In Villaba, where Cleo’s family lives, his sister also had to undergo surgery on her right foot which was pinned by a heavy wooden beam at the height of the typhoon.
Christmas in a tent
In Basey, Samar, the parents and siblings of Judith Gacillos-Arciaga, another Saudi-based OFW, are currently living in a tent and on dole from the government and relief agencies.
“My family and other people there lost not only their homes but also their livelihood. The coconut trees and the bancas (small fishing boats) were swept away,” said Judith, who is in Jeddah with her husband Randy Rey and their son John Rey.
And yet, she was confident that her family and the other people in Basey could cope. They were a sturdy lot and were used to hardships, she said. But she said celebrating Christmas was a problem because, besides being dependent on relief goods for their daily meals, “there was no electricity there and it was so dark at night.”
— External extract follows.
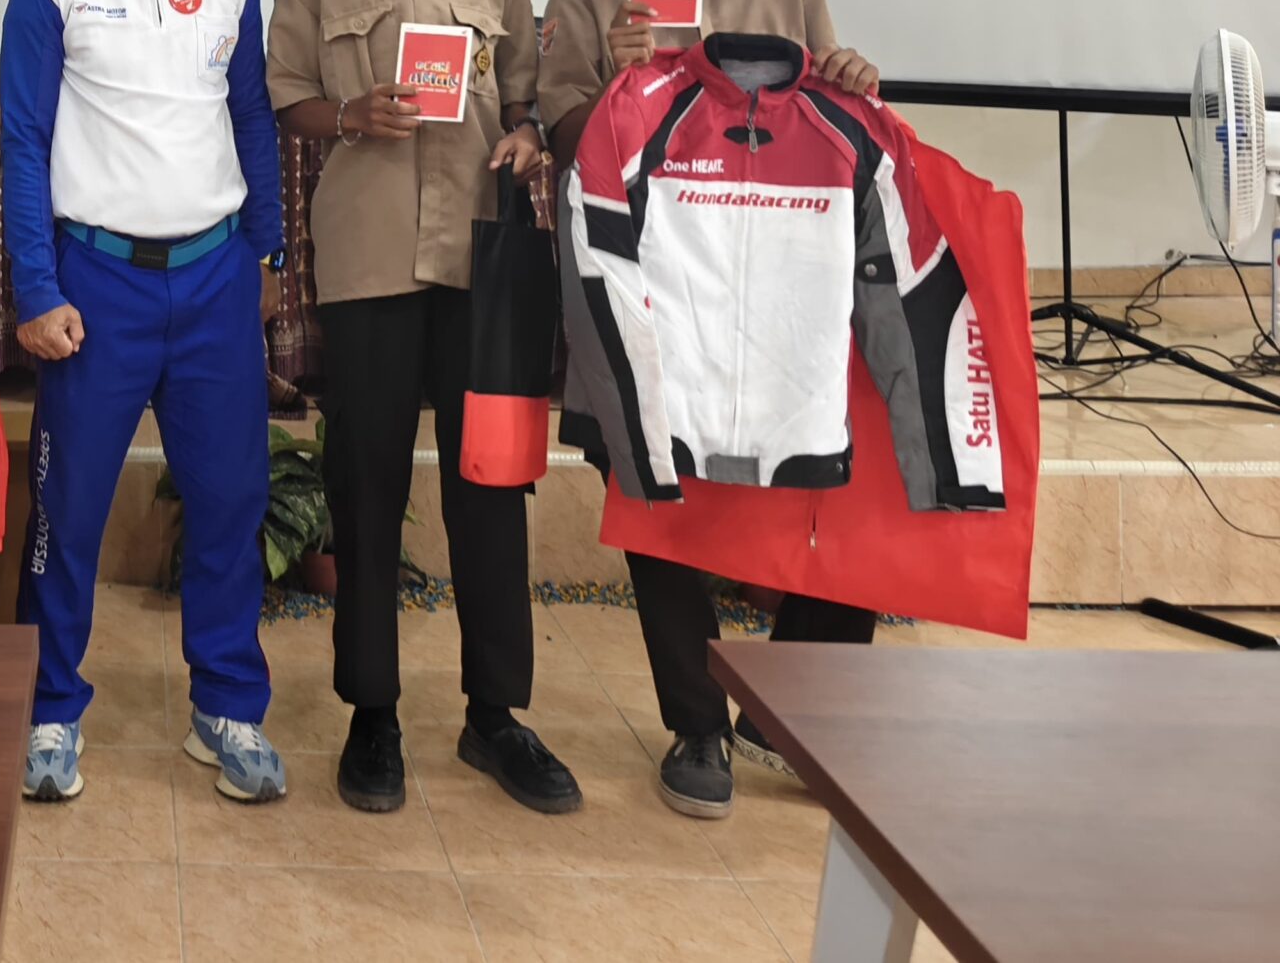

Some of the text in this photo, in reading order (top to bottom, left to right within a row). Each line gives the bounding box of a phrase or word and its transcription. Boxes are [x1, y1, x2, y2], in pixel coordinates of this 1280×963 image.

[662, 158, 690, 173] One
[676, 189, 831, 214] HondaRacing
[966, 391, 992, 448] Satu
When Melga learned that her family was safe, she joined an online fundraising group called “Tindog Burauen (Rise up Burauen) to help people in their town who were more severely affected by the typhoon. The group was organized by Filipinos working abroad. “I sought the help of our relatives back home and in other countries. I sent messages through Facebook and in two days I received 2,000 (Saudi) riyals (about P22,000) from colleagues and friends for my sister’s operation.”
Melga said she has been communicating with her husband by mobile phone since he returned to Leyte in the first week of December. He has told her that he has started repairs on their home in Bureuen from the donations they had received. But she said her family has a hard time looking for materials because prices have soared.
Kindness of strangers
“As of now, we have received more than P80,000. A large part of the donations came from relatives working in Qatar, the United States, Dubai, Thailand and Haiti; from doctors and colleagues at Magrabi Hospital and Eye Center where I used to work; from coworkers at the Albir Kidney Center, where I now work; and from my husband’s co-workers,” said Melga in mid-December.
“Some of the donations came from other nationals and people we did not even know. One donation I want to mention came from a Filipino in Riyadh. He sent the money to my brother by Western Union. I will not mention how much he sent, but it was so touching because he was a complete stranger. I traced him on Facebook and thanked him,” she said.
For the Gorillos, although Christmas will not be the same this year, the traditional Christmas tree will still rise in their parents’ homes in Burauen and in Villaba, and in their rented home in Jeddah.
“We will celebrate just the same. The tragedy has not shaken our faith. We know that God will provide. Our faith will remain steadfast as ever,” Melga said.